● What you are asked to do
The whole listing, pictures aside, should be reproduced exactly.

● Records provided
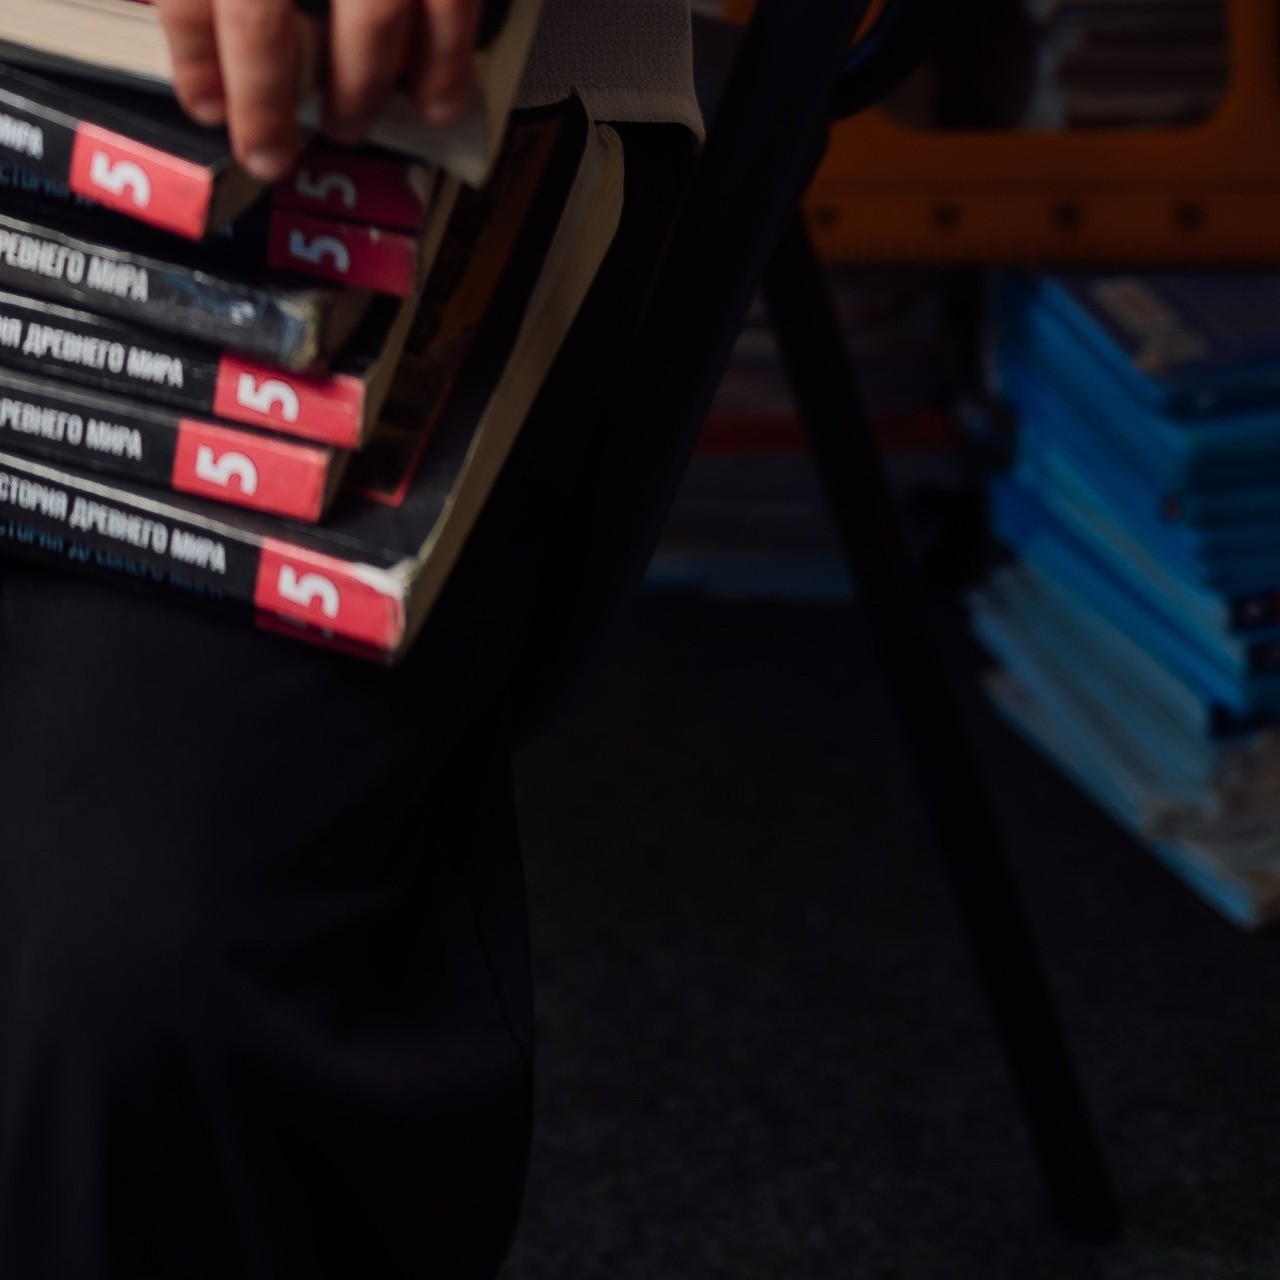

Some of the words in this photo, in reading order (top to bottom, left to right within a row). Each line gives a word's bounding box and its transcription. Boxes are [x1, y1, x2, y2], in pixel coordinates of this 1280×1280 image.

[89, 149, 152, 209] 5
[297, 168, 357, 210] 5
[288, 228, 351, 275] 5
[86, 255, 149, 304] МИРА
[22, 322, 126, 374] ДРЕВНЕГО
[126, 346, 184, 388] МИРА
[236, 372, 300, 423] 5
[85, 418, 143, 461] МИРА
[195, 444, 258, 496] 5
[69, 495, 169, 554] ДРЕВНЕГО
[170, 527, 226, 574] МИРА
[276, 563, 340, 619] 5
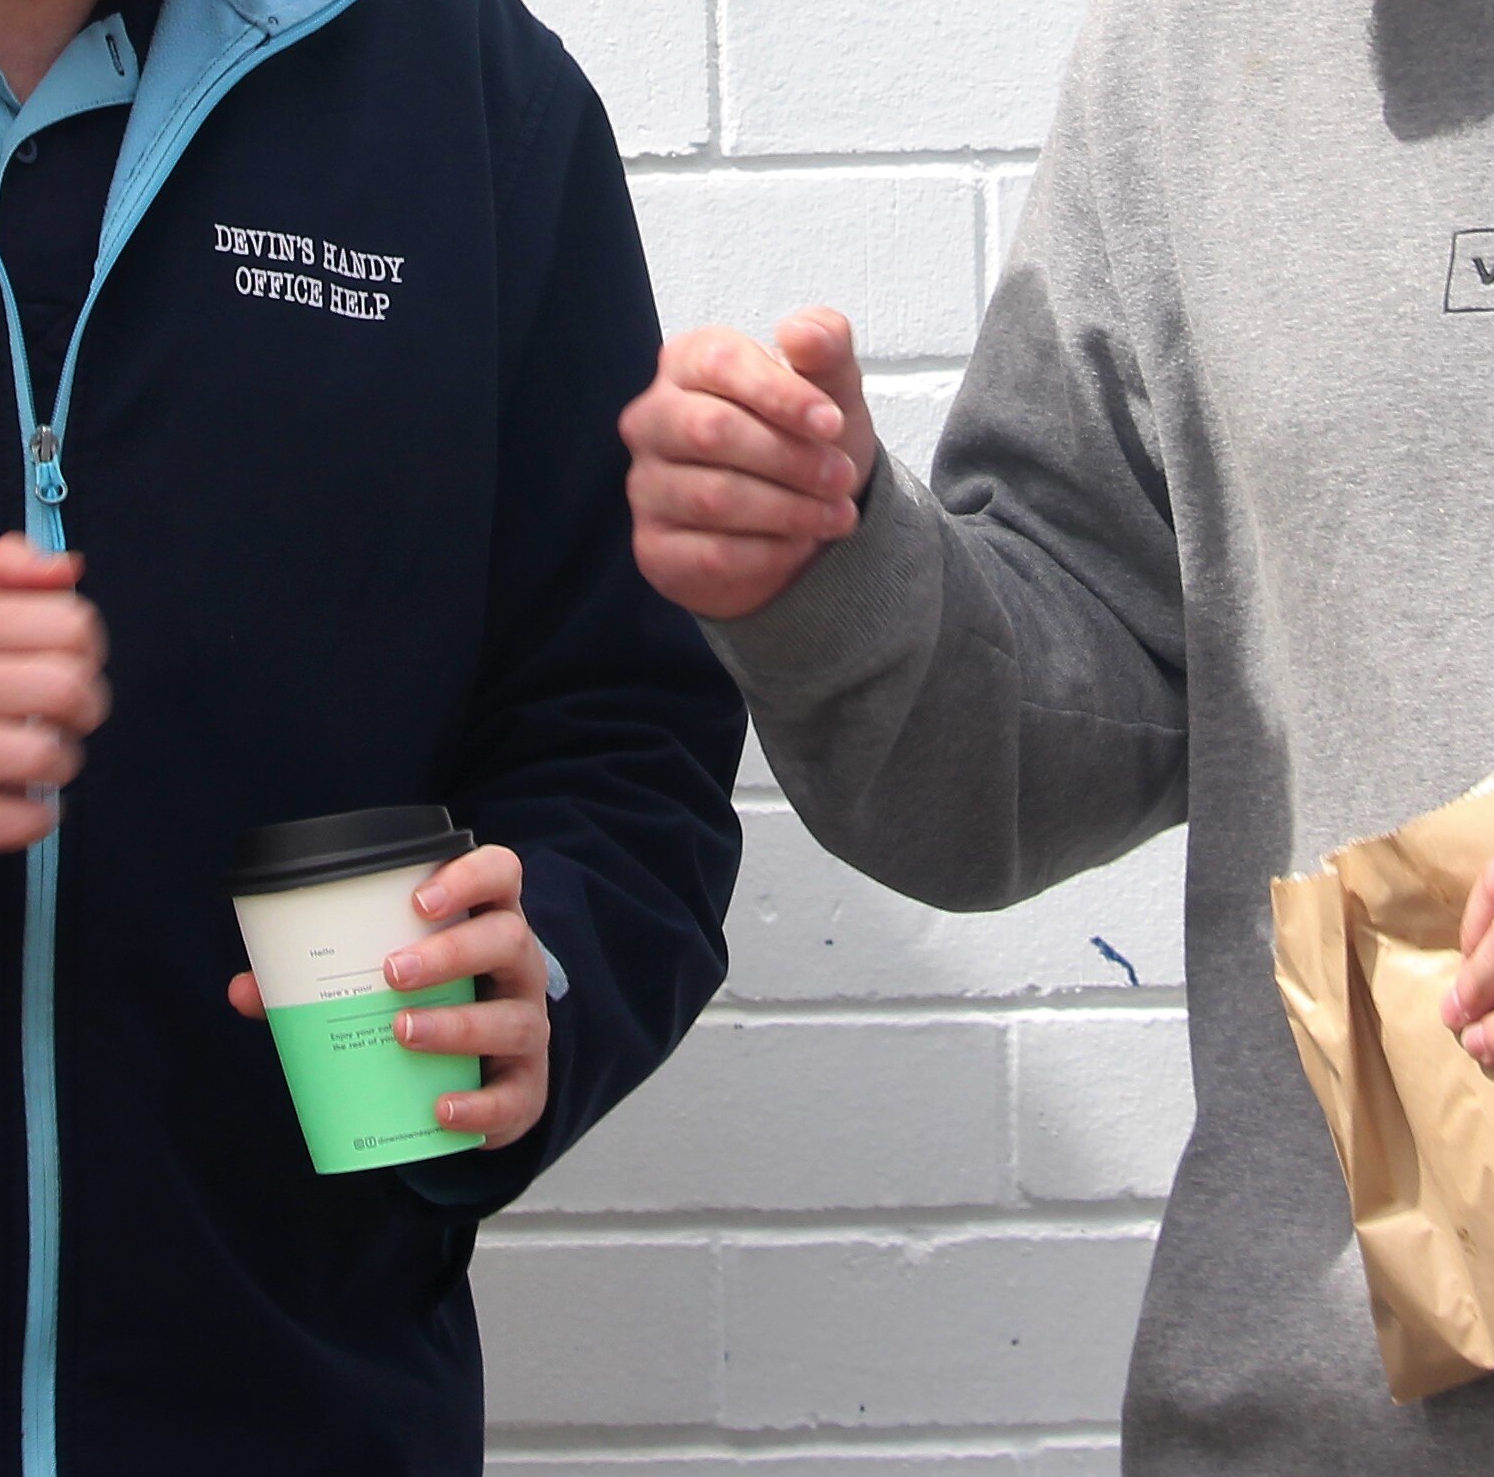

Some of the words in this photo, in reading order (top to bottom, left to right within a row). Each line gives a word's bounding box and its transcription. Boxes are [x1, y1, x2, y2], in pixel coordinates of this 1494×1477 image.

[214, 223, 316, 266] DEVIN'S
[322, 240, 405, 283] HANDY
[235, 266, 324, 308] OFFICE
[329, 282, 391, 321] HELP
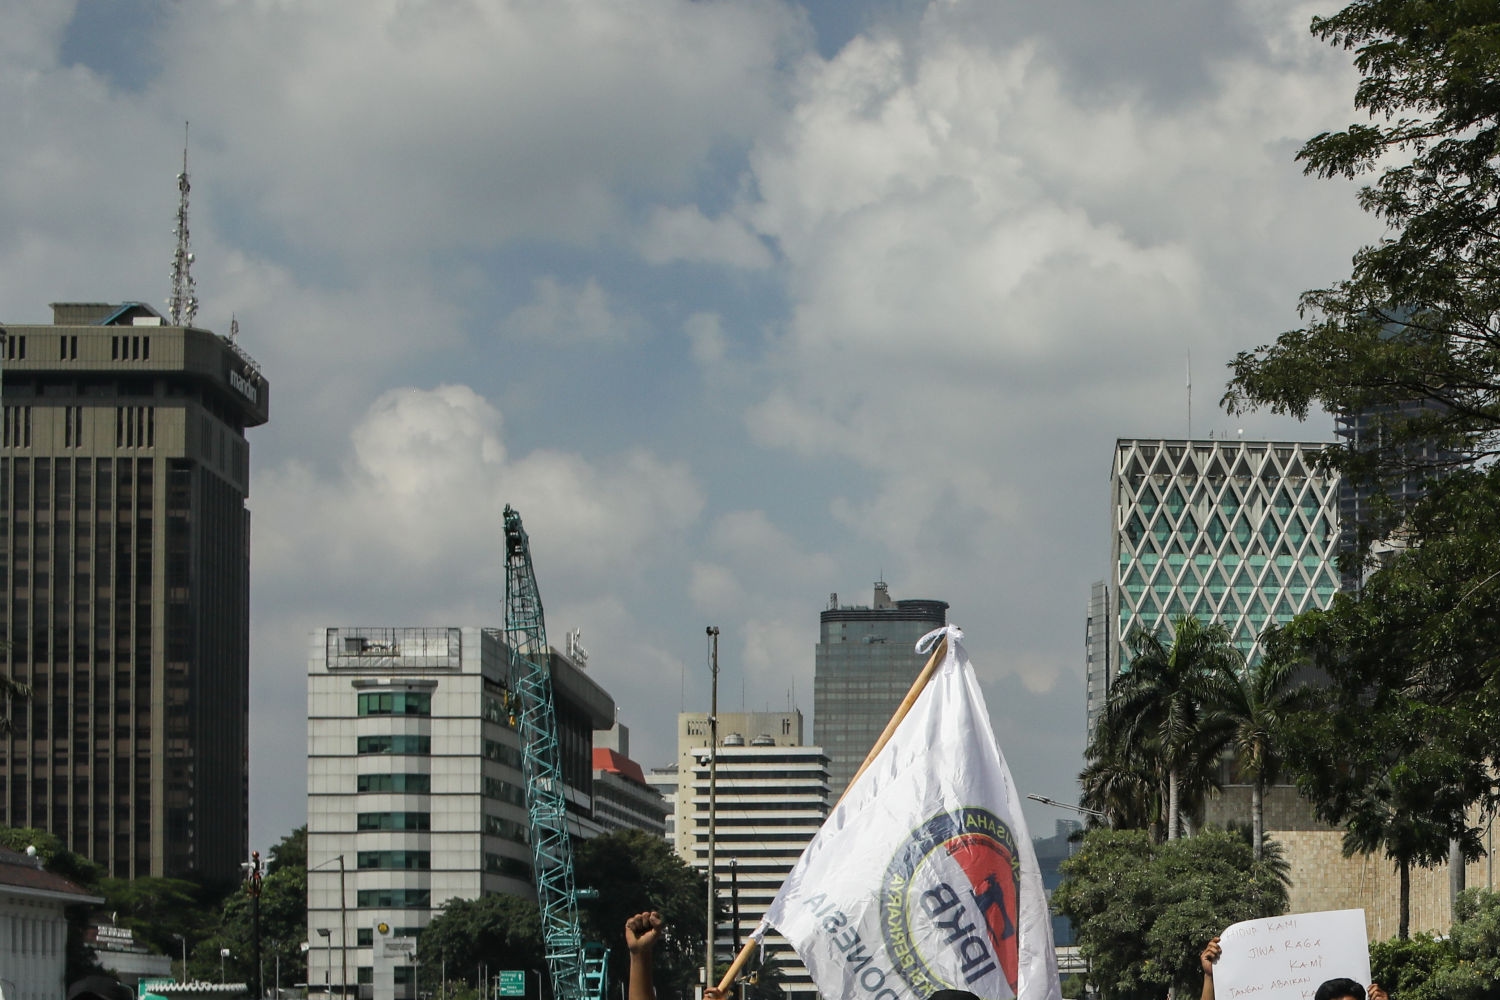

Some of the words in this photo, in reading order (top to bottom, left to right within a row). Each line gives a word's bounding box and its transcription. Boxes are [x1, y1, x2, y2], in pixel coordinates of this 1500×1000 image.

● Completed task
Some of the words in this photo, in reading order (top to bottom, left to right within a row). Each line gives a word's bounding box and its transcription. Boxes are [x1, y1, x2, y2], in pixel coordinates of this 1280×1280 image.

[89, 149, 152, 209] 5
[297, 168, 357, 210] 5
[288, 228, 351, 275] 5
[86, 255, 149, 304] МИРА
[22, 322, 126, 374] ДРЕВНЕГО
[126, 346, 184, 388] МИРА
[236, 372, 300, 423] 5
[85, 418, 143, 461] МИРА
[195, 444, 258, 496] 5
[69, 495, 169, 554] ДРЕВНЕГО
[170, 527, 226, 574] МИРА
[276, 563, 340, 619] 5

Some of the words in this photo, in reading order (top to bottom, left to right within a row). Each line gives a word's bounding box and its transcription. Boxes are [x1, y1, x2, y2], in pixel coordinates of this 1494×1477 image.

[214, 223, 316, 266] DEVIN'S
[322, 240, 405, 283] HANDY
[235, 266, 324, 308] OFFICE
[329, 282, 391, 321] HELP

Some of the words in this photo, in reading order (top to bottom, left to right within a row). Each line gives a word's bounding box and its transcription. Boxes are [x1, y1, x2, y2], in pixel coordinates of this 1500×1000 image.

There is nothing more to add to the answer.